Some applications that come to mind: relationship battles- one person remembers all bad things other person did, and vice versa, so each has the impression that the other is worse at doing chores or somesuch. Religious people can think of many good religious people, atheists can think of all those horrible stories of priest molesters. People who are far right or left hear all these terrible things about the other side, and can remember them easily. 

Kindle Notes:

Judging by the first thing that comes to mind is called the ‘availability error’. I have made it the first error to be described because it permeates all reasoning and, as we shall see throughout the rest of the book, many other specific errors are in reality just further instances of it (303).

In one study, the same examination scripts were rewritten twice, once in good handwriting and once in bad handwriting. They were then given to two sets of examiners: each saw all the scripts with half written badly and half well. They were all told to disregard the handwriting and to mark purely on the content. On average the scripts in good handwriting received considerably higher marks than those in poor writing. A similar experiment had an even more horrifying result. When the same essay was shown to examiners bearing a surname and either a male or female Christian name, it received higher marks when the examiner thought it was written by a man (492).

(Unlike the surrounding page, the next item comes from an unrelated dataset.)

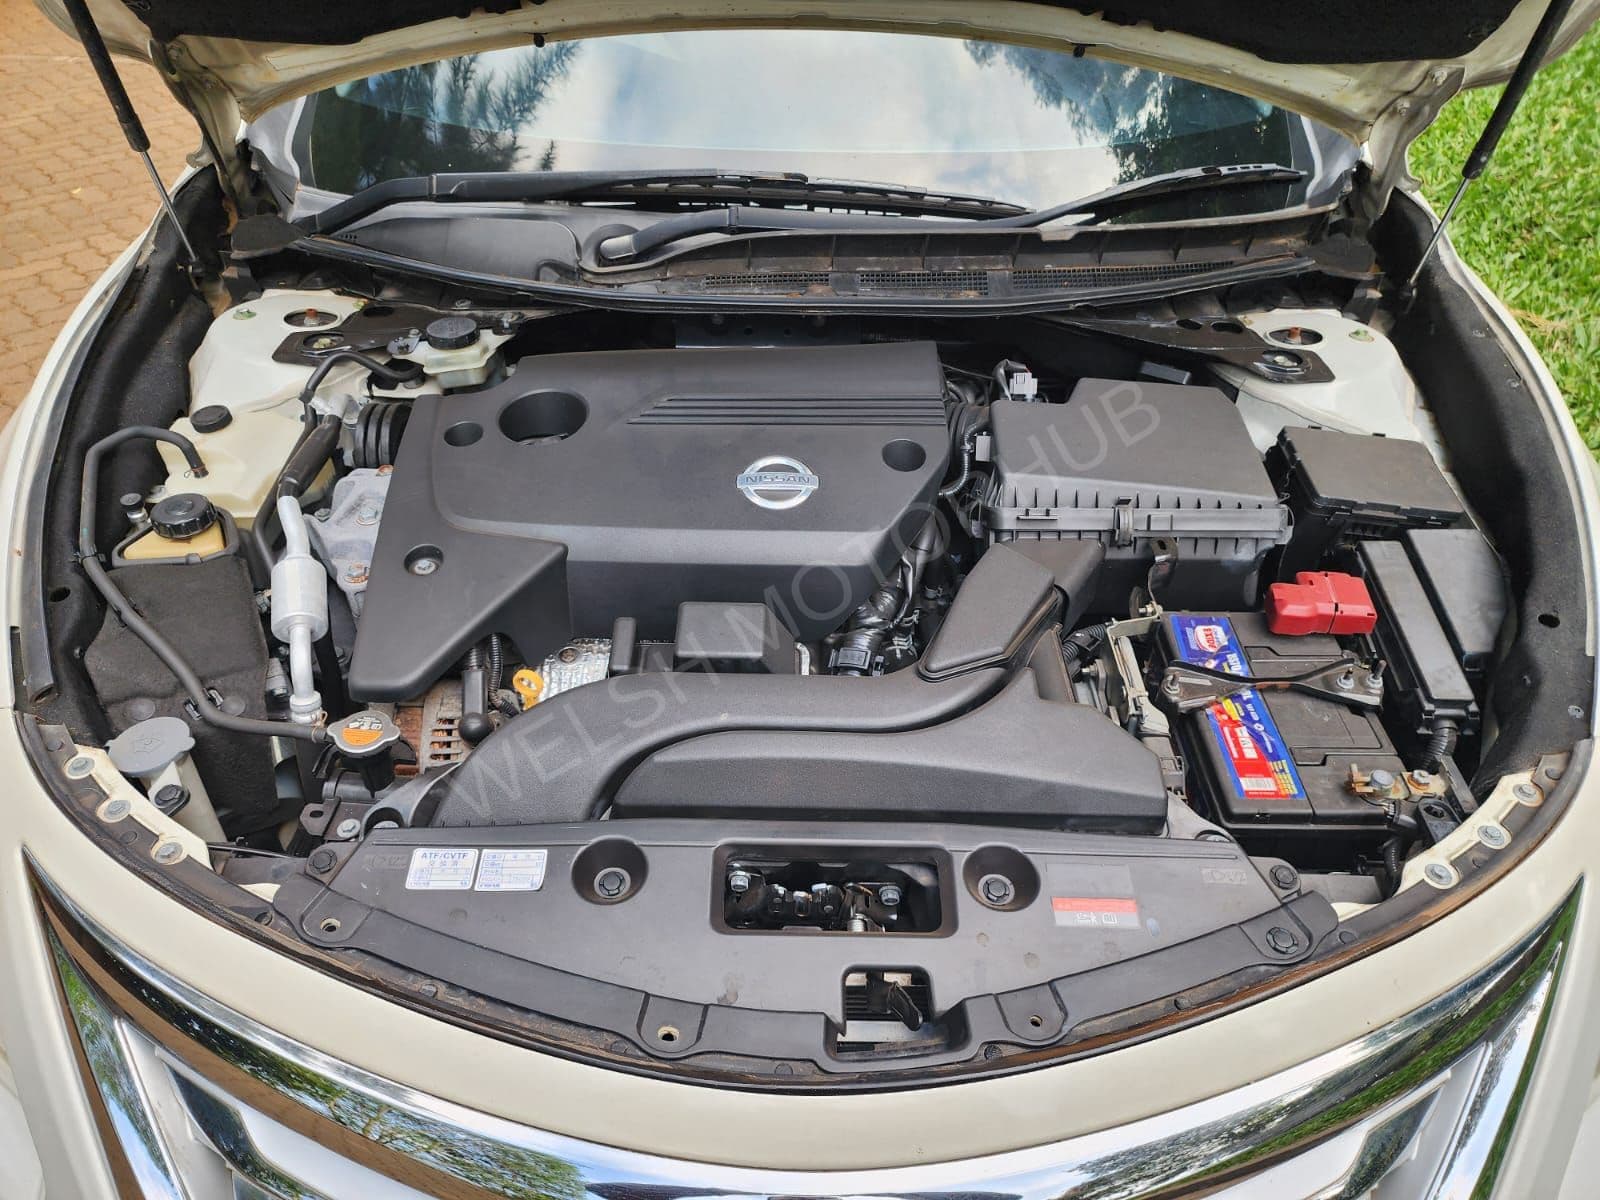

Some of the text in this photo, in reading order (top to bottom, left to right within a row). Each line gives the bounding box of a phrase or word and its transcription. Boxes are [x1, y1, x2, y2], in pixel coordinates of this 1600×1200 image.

in deciding whether an article should be published, referees and editors pay more attention to the authors’ names and to the standing of the institution to which they belong than they do to the scientific work reported (524).

moral
1. Never base a judgement or decision on a single case, no matter how striking.
2. In forming an impression of a person (or object) try to break your judgement down into his (or its) separate qualities without letting any strikingly good or bad qualities influence your opinion about the remainder. This may seem cold, but it is important in situations, such as interviews or medical diagnoses based on a range of symptoms, where the judgement may seriously affect the person being judged.
3. When exposed to connected material, suspend judgement until the end: try to give as much weight to the last item as the first.
4. Try to avoid obtaining information that would bias you: for example, in judging whether an article or a book should be published, remain ignorant of the author’s name until you have formed your own opinion of the work.
5. If you happen to be a publisher, check your back list on receipt of an MS: you don’t want to publish the same book twice (552).